Mais pour l’instant, les seuls jugements rendus l’ont été sur la forme et les juges ont débouté les ONG. 'La décision du tribunal judiciaire de Paris sur La Poste fait écho aux autres contentieux en cours. Pour Total ou BNP, nous reprochons aussi le fait que leur plan soit lacunaire et la cartographie pas assez précise. La décision concernant La Poste pourrait donc faire jurisprudence', veut croire Juliette Renaud.
Reste que la décision du tribunal ne répond pas exactement à la demande des ONG. 'Bien que constituant un tournant, on peut noter certains points décevants : par exemple intégrer la liste des sous-traitants et des fournisseurs dans le plan de vigilance ne constituerait pas une mesure nécessaire pour la mise en œuvre ou l'évaluation de ce dernier, alors qu'il s'agissait d'une demande forte de plusieurs ONG'', remarque Hugo Mickeler, juriste-chercheur chez Novethic.
De même, le juge n’a pas prononcé d’astreinte, considérant que La Poste fait preuve 'd’une démarche dynamique d’amélioration de son plan de vigilance'. Et de fait, comme le rappelle La Poste à Novethic, 'cette loi n’a fait l’objet d’aucun décret d’application ou de lignes directrices, laissant les entreprises qui y sont soumises dans une grande incertitude juridique'.

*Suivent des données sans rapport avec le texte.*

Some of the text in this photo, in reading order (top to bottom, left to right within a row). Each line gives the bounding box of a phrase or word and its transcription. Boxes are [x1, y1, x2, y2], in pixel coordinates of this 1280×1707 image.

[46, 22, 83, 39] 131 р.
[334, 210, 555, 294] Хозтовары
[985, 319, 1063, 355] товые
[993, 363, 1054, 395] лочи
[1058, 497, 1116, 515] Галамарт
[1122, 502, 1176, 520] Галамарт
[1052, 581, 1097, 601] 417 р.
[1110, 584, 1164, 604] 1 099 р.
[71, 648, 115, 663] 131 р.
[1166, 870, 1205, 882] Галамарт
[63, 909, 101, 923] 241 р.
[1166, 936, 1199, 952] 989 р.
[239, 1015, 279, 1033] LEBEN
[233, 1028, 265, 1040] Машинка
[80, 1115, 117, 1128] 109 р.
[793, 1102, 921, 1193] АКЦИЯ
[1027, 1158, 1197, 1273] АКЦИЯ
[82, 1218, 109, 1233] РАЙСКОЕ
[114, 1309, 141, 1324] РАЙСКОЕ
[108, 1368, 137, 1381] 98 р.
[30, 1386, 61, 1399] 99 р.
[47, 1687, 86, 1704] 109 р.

L’adoption de la Directive européenne sur le devoir de vigilance, aujourd’hui négociée en trilogue, pourrait changer la donne et aider les entreprises à se mettre en conformité. Car aujourd’hui, 'la majorité des plans de vigilance des entreprises n’ont pas un niveau de détail nécessaire, les risques saillants ne sont pas identifiés et ce premier contrôle de conformité montre les risques auxquels elles pourraient être confrontées', explique à Novethic l’avocate spécialisée en droits humains et devoir de vigilance Charlotte Michon.
D’autant que ce premier jugement de fond montre à quel point les risques sont partout. Si le devoir de vigilance a été initié à la suite du Rana Plaza (en 2013, plus de 1 000 ouvrières du textile sont décédées dans l’effondrement d’une usine de sous-traitance des géants de la mode au Bangladesh) c’est bien sur une 'entreprise française et des filiales françaises que les manquements au devoir de vigilance ont eu lieu', remarque Hugo Mickeler.